Estados Unidos conduce la campaña actual mediante una doctrina militar que combina ataques de gran intensidad con pausas deliberadas. Después de que la última ronda de combates provocara el colapso de los acuerdos recogidos en el “memorando de entendimiento” firmado en junio, el presidente Donald Trump ordenó atacar más de 90 objetivos estratégicos del Cuerpo de la Guardia Revolucionaria Islámica. Los ataques destruyeron instalaciones avanzadas de radar, baterías de misiles, radares costeros y más de 60 lanchas rápidas de ataque que se utilizan para hostigar embarcaciones en el estrecho de Ormuz, según informó hoy viernes CNN.
Washington mantiene una lista de objetivos que actualiza de manera constante y utiliza como instrumento de presión en los contactos técnicos secretos sobre el programa nuclear. Las pausas deliberadas tras cada ronda de ataques tienen como propósito mantener abierta una vía diplomática, ante la posibilidad de que una campaña militar ininterrumpida provoque una pérdida de control sobre la situación regional.
Al mismo tiempo, el Gobierno estadounidense adoptó medidas drásticas, como la revocación de los permisos para la venta de petróleo iraní, con el propósito de cortar la principal fuente de sustento económico del régimen en respuesta directa a los ataques contra buques mercantes. La estrategia estadounidense se concentra en alterar de forma gradual infraestructuras críticas —energía, transporte y servicios públicos— para elevar el “costo de gobernar” que afronta la dirigencia de Teherán y agravar el descontento social dentro del país.
Irán atraviesa un peligroso vacío de poder después de que las ceremonias fúnebres por Alí Jamenei concluyeran el jueves en Mashhad. La ausencia absoluta de Mojtaba Jamenei, el nuevo líder supremo, en todos los actos fúnebres ha suscitado serios interrogantes en la comunidad de inteligencia occidental. Los servicios de inteligencia occidentales estiman que Mojtaba sufrió heridas graves durante el ataque aéreo del 28 de febrero que mató a su padre.
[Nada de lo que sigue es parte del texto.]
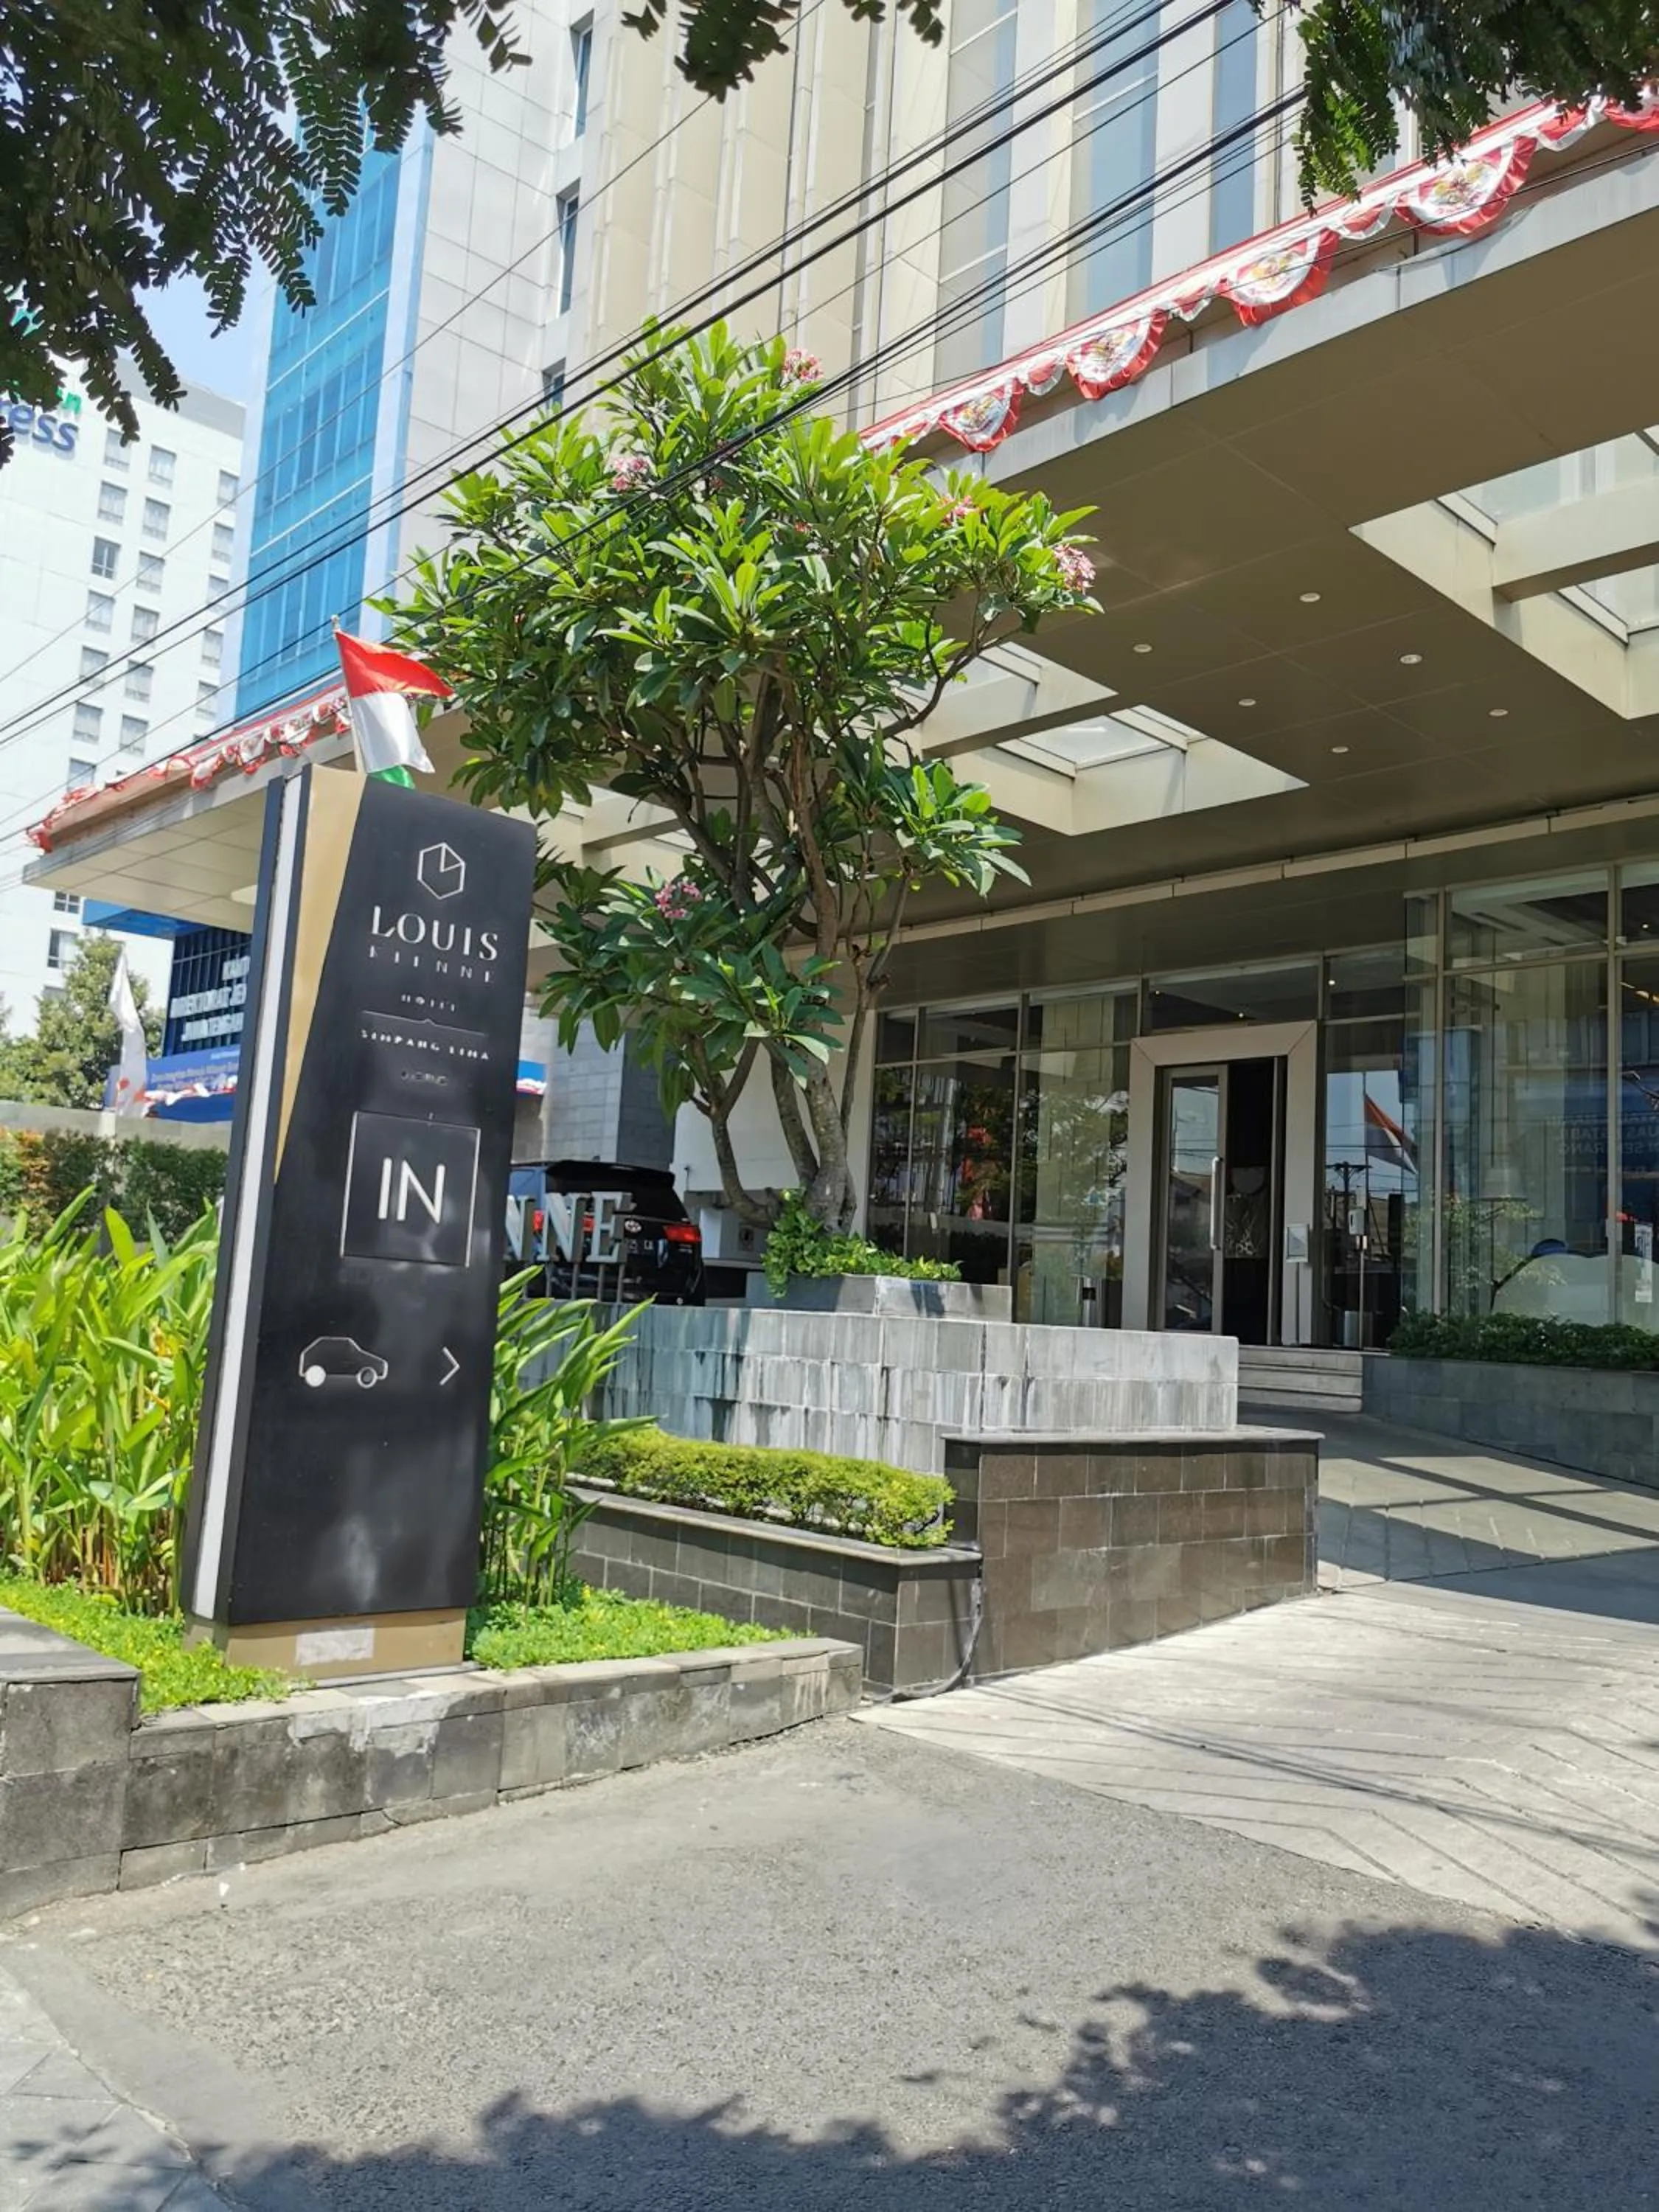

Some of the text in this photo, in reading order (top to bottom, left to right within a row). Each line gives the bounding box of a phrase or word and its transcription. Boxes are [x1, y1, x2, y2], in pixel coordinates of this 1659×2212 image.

Las heridas, descritas como lesiones multiorgánicas, le impiden comparecer en público. Mojtaba permanece oculto en un centro médico protegido y secreto, bajo una estricta custodia de la Guardia Revolucionaria, por temor a un asesinato selectivo. El marcado contraste entre su ausencia y la presencia de su hermano en las ceremonias debilita su legitimidad como gobernante y mantiene al centro de poder iraní bajo la incertidumbre causada por las disputas internas por la sucesión.
La tensión militar ha paralizado casi por completo las rutas comerciales del estrecho de Ormuz. Tras el colapso del alto el fuego, las primas de los seguros contra riesgos de guerra aumentaron hasta alcanzar el 3 % del valor de las embarcaciones, lo que volvió económicamente inviables las travesías comerciales para las compañías navieras internacionales. Las aseguradoras dejaron de emitir pólizas de largo plazo, lo que obliga a los propietarios de los buques a calcular el costo del riesgo para cada tránsito pocas horas antes de atravesar el estrecho.
Al mismo tiempo, se reveló que Israel entregó a Estados Unidos información de inteligencia sobre un plan iraní “específico y nuevo” para asesinar a Donald Trump. La información condujo a una llamada urgente de coordinación entre Trump y Benjamin Netanyahu. En el frente libanés, el presidente Joseph Aoun condicionó la participación de su país en las conversaciones con Israel a la retirada militar completa del sur del Líbano. La situación alcanzó su punto más crítico cuando la Agencia de la Unión Europea para la Seguridad Aérea (EASA) ordenó evitar por completo los vuelos sobre Irán e Irak, una medida que indica la existencia de una amenaza militar activa e inmediata en ese espacio aéreo.